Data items
————
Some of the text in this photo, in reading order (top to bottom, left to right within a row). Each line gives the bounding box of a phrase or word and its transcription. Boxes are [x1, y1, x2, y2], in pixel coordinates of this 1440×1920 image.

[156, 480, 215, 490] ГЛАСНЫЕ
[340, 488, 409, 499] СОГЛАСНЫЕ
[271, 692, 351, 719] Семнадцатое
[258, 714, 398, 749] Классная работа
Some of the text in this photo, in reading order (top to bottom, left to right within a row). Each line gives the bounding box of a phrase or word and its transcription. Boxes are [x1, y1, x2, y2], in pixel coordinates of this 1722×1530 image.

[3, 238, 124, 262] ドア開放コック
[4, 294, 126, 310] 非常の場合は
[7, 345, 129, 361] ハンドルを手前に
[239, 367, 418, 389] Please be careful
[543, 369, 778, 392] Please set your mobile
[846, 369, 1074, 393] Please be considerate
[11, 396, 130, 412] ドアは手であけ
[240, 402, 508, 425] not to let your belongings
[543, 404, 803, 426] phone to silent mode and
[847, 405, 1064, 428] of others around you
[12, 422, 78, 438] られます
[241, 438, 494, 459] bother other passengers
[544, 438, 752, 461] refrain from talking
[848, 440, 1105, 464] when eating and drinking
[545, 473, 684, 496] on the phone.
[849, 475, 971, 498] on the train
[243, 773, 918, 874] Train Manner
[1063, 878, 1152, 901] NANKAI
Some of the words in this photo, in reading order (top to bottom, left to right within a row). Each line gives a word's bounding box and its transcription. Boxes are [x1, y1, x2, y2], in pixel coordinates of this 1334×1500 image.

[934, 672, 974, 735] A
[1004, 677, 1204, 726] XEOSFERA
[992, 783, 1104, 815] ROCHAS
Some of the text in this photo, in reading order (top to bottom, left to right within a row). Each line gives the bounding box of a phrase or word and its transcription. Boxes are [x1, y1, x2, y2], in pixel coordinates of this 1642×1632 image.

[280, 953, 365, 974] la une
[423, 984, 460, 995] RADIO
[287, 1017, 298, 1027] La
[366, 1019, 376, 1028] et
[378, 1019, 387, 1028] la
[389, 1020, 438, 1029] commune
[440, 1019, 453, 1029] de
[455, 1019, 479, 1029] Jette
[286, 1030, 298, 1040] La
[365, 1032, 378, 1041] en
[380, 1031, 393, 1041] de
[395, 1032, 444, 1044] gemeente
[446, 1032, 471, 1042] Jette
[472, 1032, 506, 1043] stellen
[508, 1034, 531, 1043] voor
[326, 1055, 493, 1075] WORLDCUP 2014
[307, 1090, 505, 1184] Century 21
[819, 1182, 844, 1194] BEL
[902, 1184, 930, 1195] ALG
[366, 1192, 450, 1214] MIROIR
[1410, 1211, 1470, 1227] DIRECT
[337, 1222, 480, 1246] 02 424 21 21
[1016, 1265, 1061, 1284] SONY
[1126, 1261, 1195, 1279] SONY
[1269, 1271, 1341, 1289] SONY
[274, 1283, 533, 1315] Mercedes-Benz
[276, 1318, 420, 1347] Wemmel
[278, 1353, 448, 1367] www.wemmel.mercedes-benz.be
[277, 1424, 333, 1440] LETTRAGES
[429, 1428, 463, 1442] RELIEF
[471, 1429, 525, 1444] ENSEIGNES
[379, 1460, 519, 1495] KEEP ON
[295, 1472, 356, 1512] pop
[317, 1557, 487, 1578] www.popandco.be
————
→ **Problem to work on**
Restate each record exactly as written.

→ **Exercise response**
Some of the text in this photo, in reading order (top to bottom, left to right within a row). Each line gives the bounding box of a phrase or word and its transcription. Boxes are [x1, y1, x2, y2], in pixel coordinates of this 1440×1920 image.

[156, 480, 215, 490] ГЛАСНЫЕ
[340, 488, 409, 499] СОГЛАСНЫЕ
[271, 692, 351, 719] Семнадцатое
[258, 714, 398, 749] Классная работа
Some of the text in this photo, in reading order (top to bottom, left to right within a row). Each line gives the bounding box of a phrase or word and its transcription. Boxes are [x1, y1, x2, y2], in pixel coordinates of this 1722×1530 image.

[3, 238, 124, 262] ドア開放コック
[4, 294, 126, 310] 非常の場合は
[7, 345, 129, 361] ハンドルを手前に
[239, 367, 418, 389] Please be careful
[543, 369, 778, 392] Please set your mobile
[846, 369, 1074, 393] Please be considerate
[11, 396, 130, 412] ドアは手であけ
[240, 402, 508, 425] not to let your belongings
[543, 404, 803, 426] phone to silent mode and
[847, 405, 1064, 428] of others around you
[12, 422, 78, 438] られます
[241, 438, 494, 459] bother other passengers
[544, 438, 752, 461] refrain from talking
[848, 440, 1105, 464] when eating and drinking
[545, 473, 684, 496] on the phone.
[849, 475, 971, 498] on the train
[243, 773, 918, 874] Train Manner
[1063, 878, 1152, 901] NANKAI
Some of the words in this photo, in reading order (top to bottom, left to right within a row). Each line gives a word's bounding box and its transcription. Boxes are [x1, y1, x2, y2], in pixel coordinates of this 1334×1500 image.

[934, 672, 974, 735] A
[1004, 677, 1204, 726] XEOSFERA
[992, 783, 1104, 815] ROCHAS
Some of the text in this photo, in reading order (top to bottom, left to right within a row). Each line gives the bounding box of a phrase or word and its transcription. Boxes are [x1, y1, x2, y2], in pixel coordinates of this 1642×1632 image.

[280, 953, 365, 974] la une
[423, 984, 460, 995] RADIO
[287, 1017, 298, 1027] La
[366, 1019, 376, 1028] et
[378, 1019, 387, 1028] la
[389, 1020, 438, 1029] commune
[440, 1019, 453, 1029] de
[455, 1019, 479, 1029] Jette
[286, 1030, 298, 1040] La
[365, 1032, 378, 1041] en
[380, 1031, 393, 1041] de
[395, 1032, 444, 1044] gemeente
[446, 1032, 471, 1042] Jette
[472, 1032, 506, 1043] stellen
[508, 1034, 531, 1043] voor
[326, 1055, 493, 1075] WORLDCUP 2014
[307, 1090, 505, 1184] Century 21
[819, 1182, 844, 1194] BEL
[902, 1184, 930, 1195] ALG
[366, 1192, 450, 1214] MIROIR
[1410, 1211, 1470, 1227] DIRECT
[337, 1222, 480, 1246] 02 424 21 21
[1016, 1265, 1061, 1284] SONY
[1126, 1261, 1195, 1279] SONY
[1269, 1271, 1341, 1289] SONY
[274, 1283, 533, 1315] Mercedes-Benz
[276, 1318, 420, 1347] Wemmel
[278, 1353, 448, 1367] www.wemmel.mercedes-benz.be
[277, 1424, 333, 1440] LETTRAGES
[429, 1428, 463, 1442] RELIEF
[471, 1429, 525, 1444] ENSEIGNES
[379, 1460, 519, 1495] KEEP ON
[295, 1472, 356, 1512] pop
[317, 1557, 487, 1578] www.popandco.be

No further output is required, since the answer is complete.